A los santos y fieles hermanos de la Iglesia, llamados por Dios para anunciar el evangelio eterno en estos últimos días:
Gracia y
paz sean multiplicadas a vosotros de parte de Dios nuestro Padre y del Señor
Jesucristo.
He sabido
que, en ocasiones, algunos ponen mayor confianza en hombres que en Cristo;
otros defienden opiniones personales con más pasión que el evangelio; y no
faltan quienes permiten que las diferencias opaquen el amor fraternal. Hermanos
míos, ¿acaso está Cristo dividido? ¿Fue algún dirigente crucificado por
vosotros? Recordad que todos habéis sido comprados por la sangre del Cordero y
llamados a formar un solo cuerpo.
No
permitáis que el orgullo, el deseo de reconocimiento o el apego a líderes
humanos ocupen el lugar que pertenece únicamente al Señor.
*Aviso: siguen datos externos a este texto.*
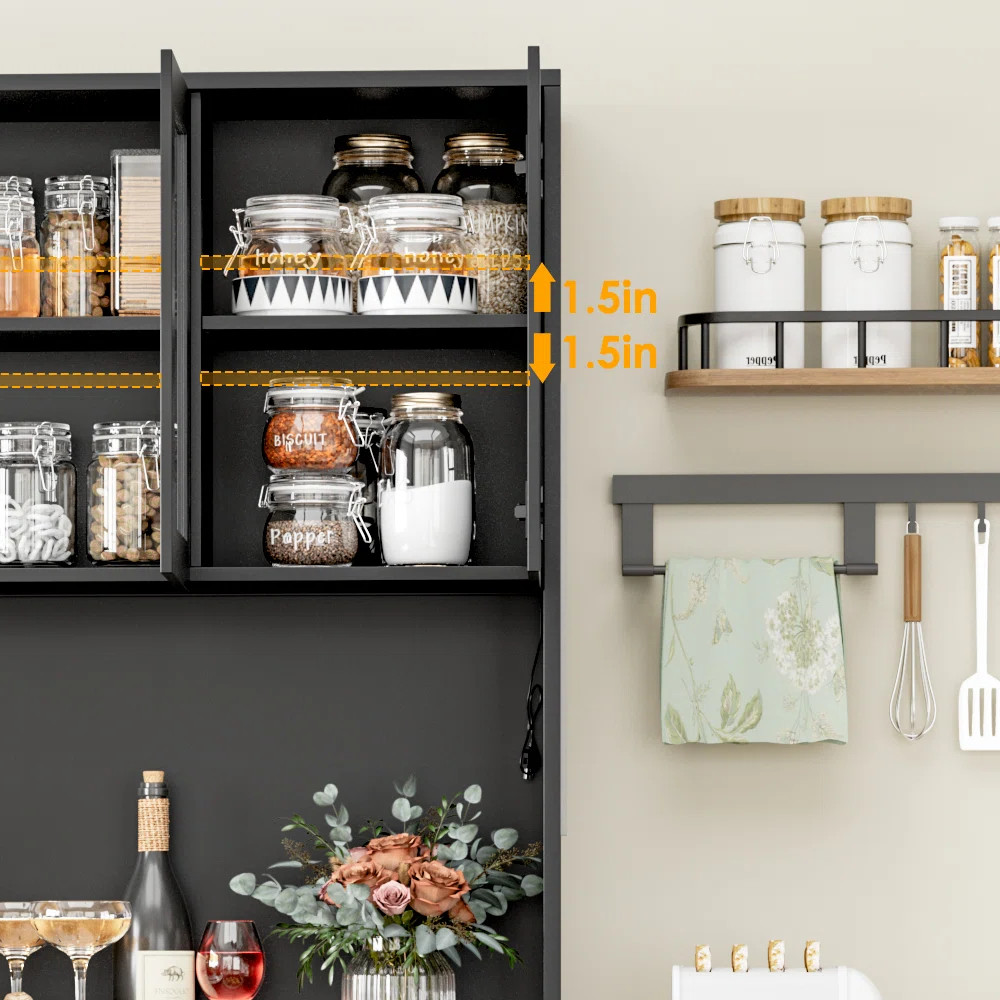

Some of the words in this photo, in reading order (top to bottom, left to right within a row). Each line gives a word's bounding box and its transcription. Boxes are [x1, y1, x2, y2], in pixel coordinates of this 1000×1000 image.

[256, 249, 321, 269] honey
[404, 247, 464, 269] honey
[274, 433, 328, 447] BISCUIT
Los ministros son
solamente servidores y administradores de los misterios de Dios. El único
fundamento firme sobre el cual puede edificarse la iglesia es Jesucristo.
Buscad,
pues, la sabiduría que desciende de lo alto y no la que ofrece este mundo. La verdadera madurez espiritual no consiste
en el conocimiento acumulado ni en los cargos desempeñados, sino en
reflejar el carácter de Cristo, quien se humilló a sí mismo, sirvió con amor y
entregó su vida por la salvación de todos.
Si alguno
de vosotros es llamado a dirigir, hágalo con espíritu de servicio. Si alguno
enseña, que enseñe con humildad. Si alguno corrige, que lo haga con
mansedumbre. Y si alguno sufre por causa del evangelio, no desmaye, porque
participar de los padecimientos de Cristo es también participar de su gloria.
Vivís en
tiempos solemnes. El mundo observa vuestro testimonio. La unidad de la iglesia será una de las evidencias más poderosas de que
Cristo vive y dirige a su pueblo. Por ello, rechazad toda contienda, evitad
las rivalidades y esforzaos por conservar la unidad del Espíritu en el vínculo
de la paz.
Finalmente,
hermanos, permaneced firmes en la verdad presente, abundad en el amor,
perseverad en la misión y esperad con gozo la pronta venida de nuestro Señor
Jesucristo.
La gracia del Señor Jesucristo sea con todos vosotros. Amén.